FREE-ENERGY LANDSCAPE FOR PROTEIN-FOLDING KINETICS - INTERMEDIATES, TRAPS, AND MULTIPLE PATHWAYS IN THEORY AND LATTICE MODEL SIMULATIONS

The implications of thermodynamics of heteropolymers for their folding kinetics are formulated and discussed. The predictions are tested by Monte Carlo simulation of folding of a lattice model 36-monomer proteins at different temperatures. Using a simulated annealing procedure in sequence space, a number of sequences are designed which have sufficiently low energy in a given target conformation. This conformation plays a role of the native structure for the model proteins. The folding transition is found to be cooperative, and the nature of the free energy barrier is studied. At high temperature the barrier is entropic, and at low temperature it is mainly energetic.

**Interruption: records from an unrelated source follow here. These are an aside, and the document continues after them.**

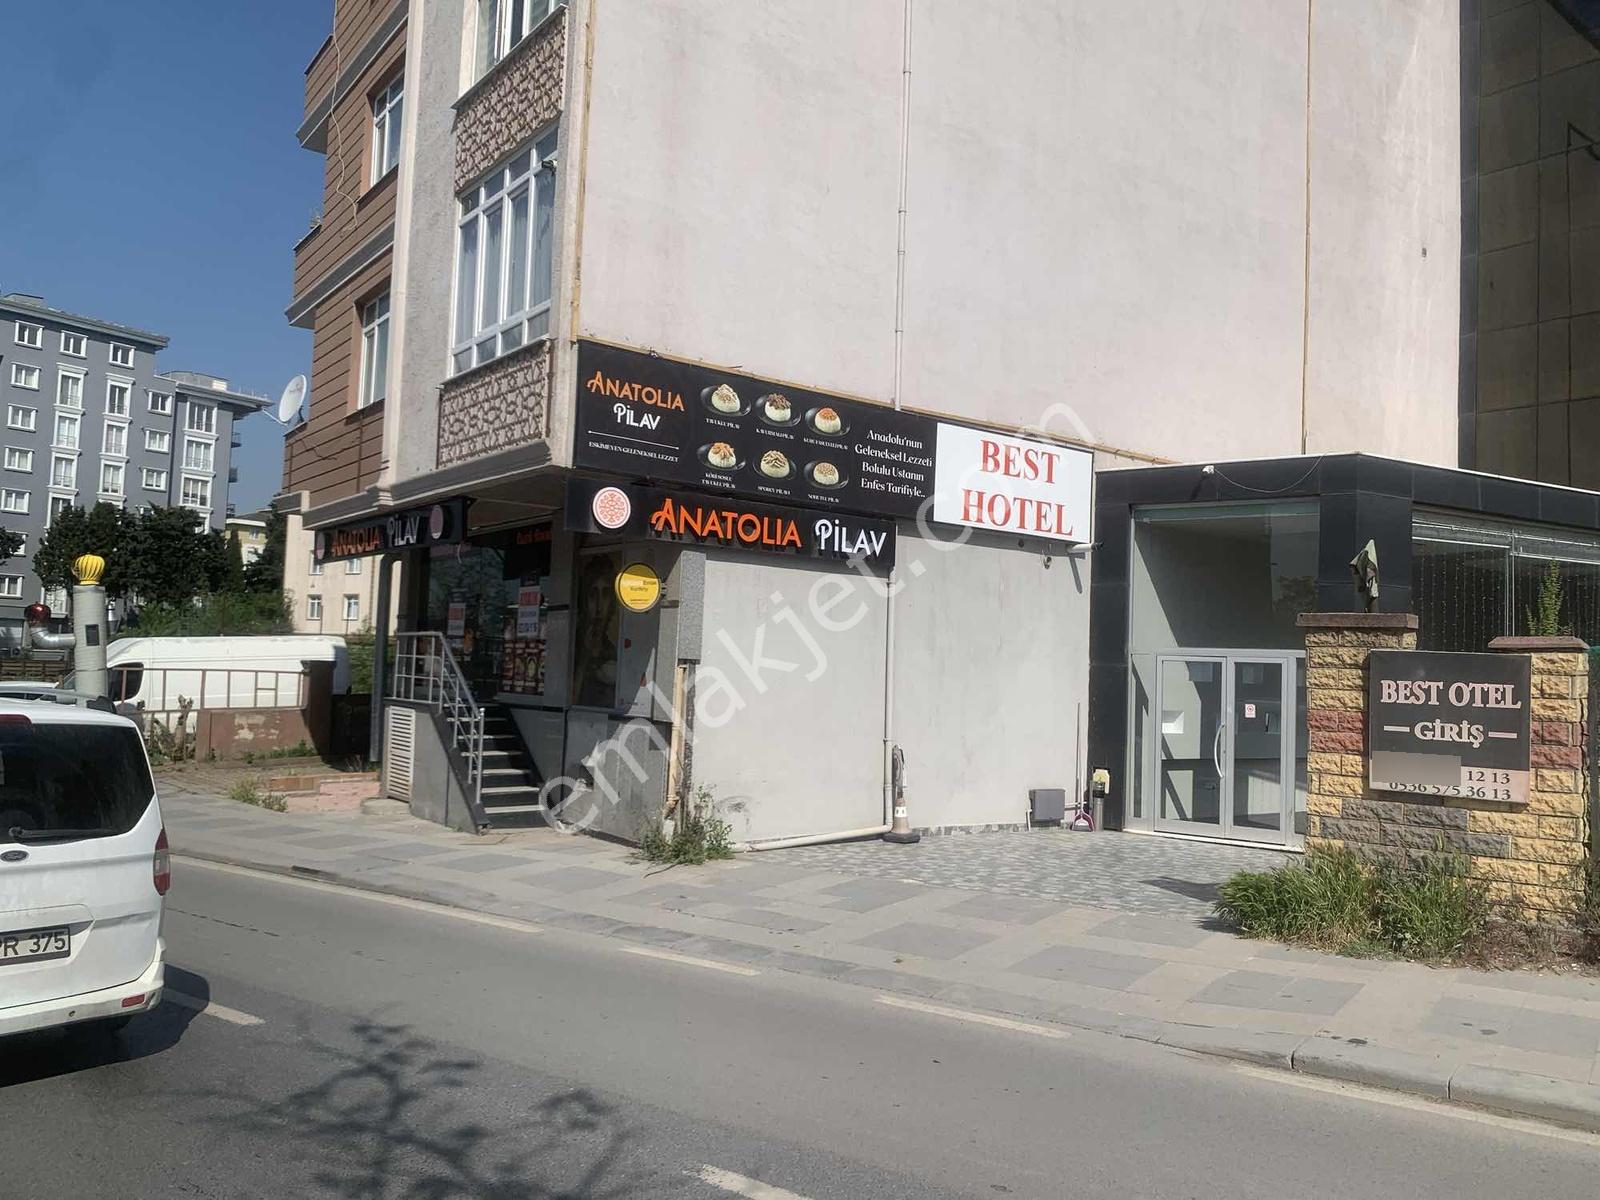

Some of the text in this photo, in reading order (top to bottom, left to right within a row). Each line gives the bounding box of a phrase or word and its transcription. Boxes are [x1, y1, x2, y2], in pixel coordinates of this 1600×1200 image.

[587, 371, 684, 411] ANATOLIA
[613, 403, 660, 430] PİLAV
[866, 429, 923, 449] Anadolu'nun
[854, 443, 933, 467] Geleneksel Lezzeti
[980, 439, 1060, 484] BEST
[862, 461, 891, 476] Bolulu
[861, 477, 886, 491] Enfes
[960, 488, 1073, 537] HOTEL
[651, 498, 888, 557] ANATOLIA PİLAV
[1380, 680, 1522, 709] BEST OTEL
[1414, 718, 1485, 749] GİRİŞ
[1467, 770, 1511, 785] 12 13
[1466, 786, 1486, 798] 36
[1493, 789, 1512, 801] 13
[29, 931, 66, 953] 375

This can be explained by transformation of the early partly folded intermediate from the disordered state (belonging to the quasicontinuous part of the energy spectrum) at high temperature to the non-native low-energy frozen conformation at low temperature. The latter plays a role of an off-pathway trap. A parallel folding process has been detected at low temperature where direct folding competes with relaxation of the intermediate. The frozen intermediate must unfold to make it possible to form a folding nucleus, which is the prerequisite of subsequent fast descent to the native state.